Some while ago I was at a traffic light behind Wiccie the Witch, and I fixated on one of her many bumperstickers.
PRACTICE RANDOM KINDNESS AND
SENSELESS ACTS OF BEAUTY
Well, certainly not an imperative that I have much of a problem with, I daresay. World would be a much nicer place, and all that.
But old Johnny Editor, that part of my brain that just can't goddamned leave well enough alone, sneakily took a pair of mental scissors and lopped off half the sticker. Wow. That's much better -- much more in keeping with the Jingo Weltanshauung, innit:
PRACTICE RANDOM
SENSELESS ACTS
So that's what adorned the dear old Prizm until I had to give it up for the Mullethead Truck last summer.
But I'm itchin' for another one just like it.

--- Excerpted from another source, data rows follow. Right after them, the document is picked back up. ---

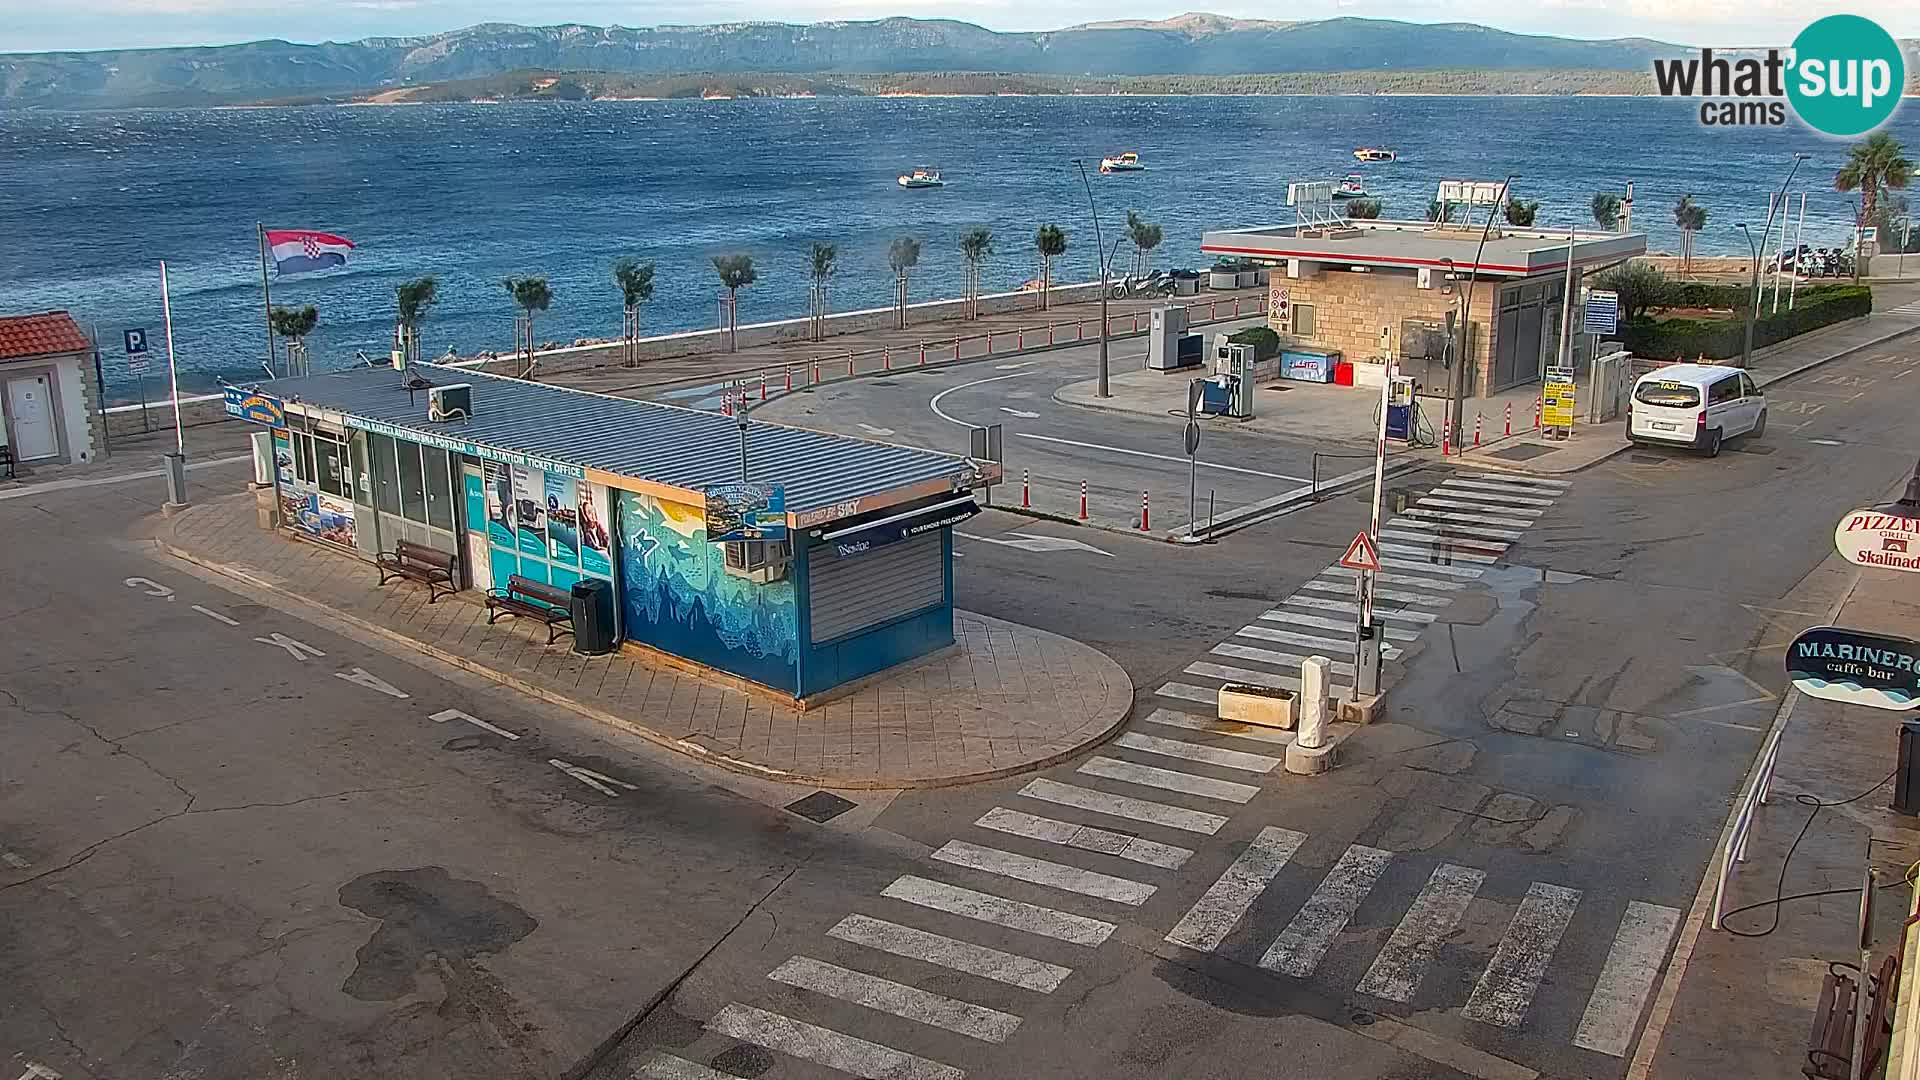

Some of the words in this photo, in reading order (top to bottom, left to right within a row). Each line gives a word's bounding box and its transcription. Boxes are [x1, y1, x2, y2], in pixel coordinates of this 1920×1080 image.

[129, 331, 141, 350] P
[1660, 382, 1679, 391] TAXI
[345, 417, 371, 431] PRODAJA
[394, 428, 434, 445] AUTOBUSNA
[434, 437, 467, 452] POSTAJA
[477, 446, 493, 459] BUS
[493, 450, 525, 465] STATION
[527, 458, 553, 473] TICKET
[554, 464, 581, 478] OFFICE
[1879, 530, 1914, 541] GRILL
[1826, 662, 1864, 675] caffe
[1868, 665, 1895, 681] bar
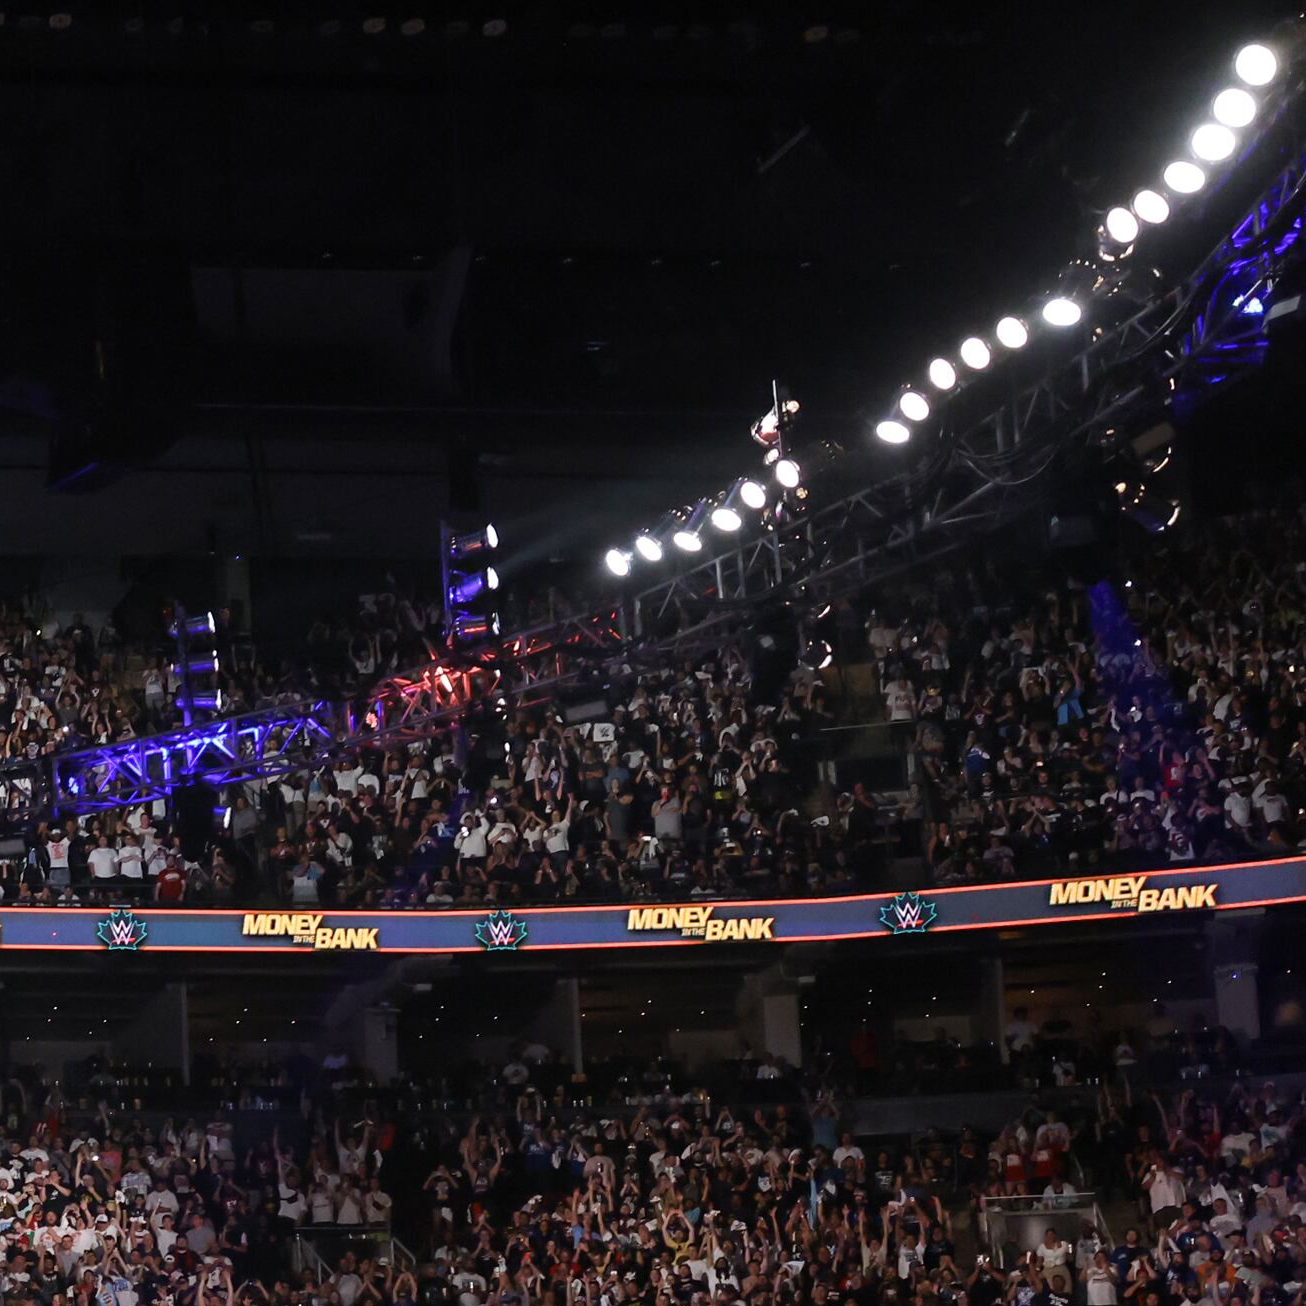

I like that: Practice the senseless acts. I don't want you to commit them -- just work on your delivery.
5 comments:
One of my best friends here in Austin (Moved to Maryland to drive trains a couple years ago, so look out at the crossings!) had a fair-sized batch made up that read:
Practice Careless Acts
of Senseless Randomness.
They were semi-popular for a while, hereabouts.
We've had a couple of hand-crafted bumper sticker trends here, where a certain popular sticker is cut up and rearranged to say whatever fancies the driver. A band called "Titty Bingo" distributed thousands of stickers every year during SXSW, and they became the target of much letter re-orienting, to humorous effect. I must have seen a hundred different varieties, including "Big ol titties" and "Shitty Band," because apparently, they sucked. My greatest regret when I finally sold my 1979 Chevy 4x4 pickup (really-- it HAD to go.) was that I was unable to save my "Billy and the Boingers" sticker that I had put together from at least 4 of theirs. It took me hours, toiling under lamplight with an ever-dulling matte knife, but it was worth it for the smiles in the rear-view window, and the lovely note someone left on my windshield, telling me I'd made their day.
i got one says "hey eat this amigo".
took some work to get that out of "yeah, it's got a hemi"
I remember seeing one in NY back in the late 80's that said "Nuke the gay whales for Jesus."
My current favorite: "It's YOUR hell. YOU burn in it!"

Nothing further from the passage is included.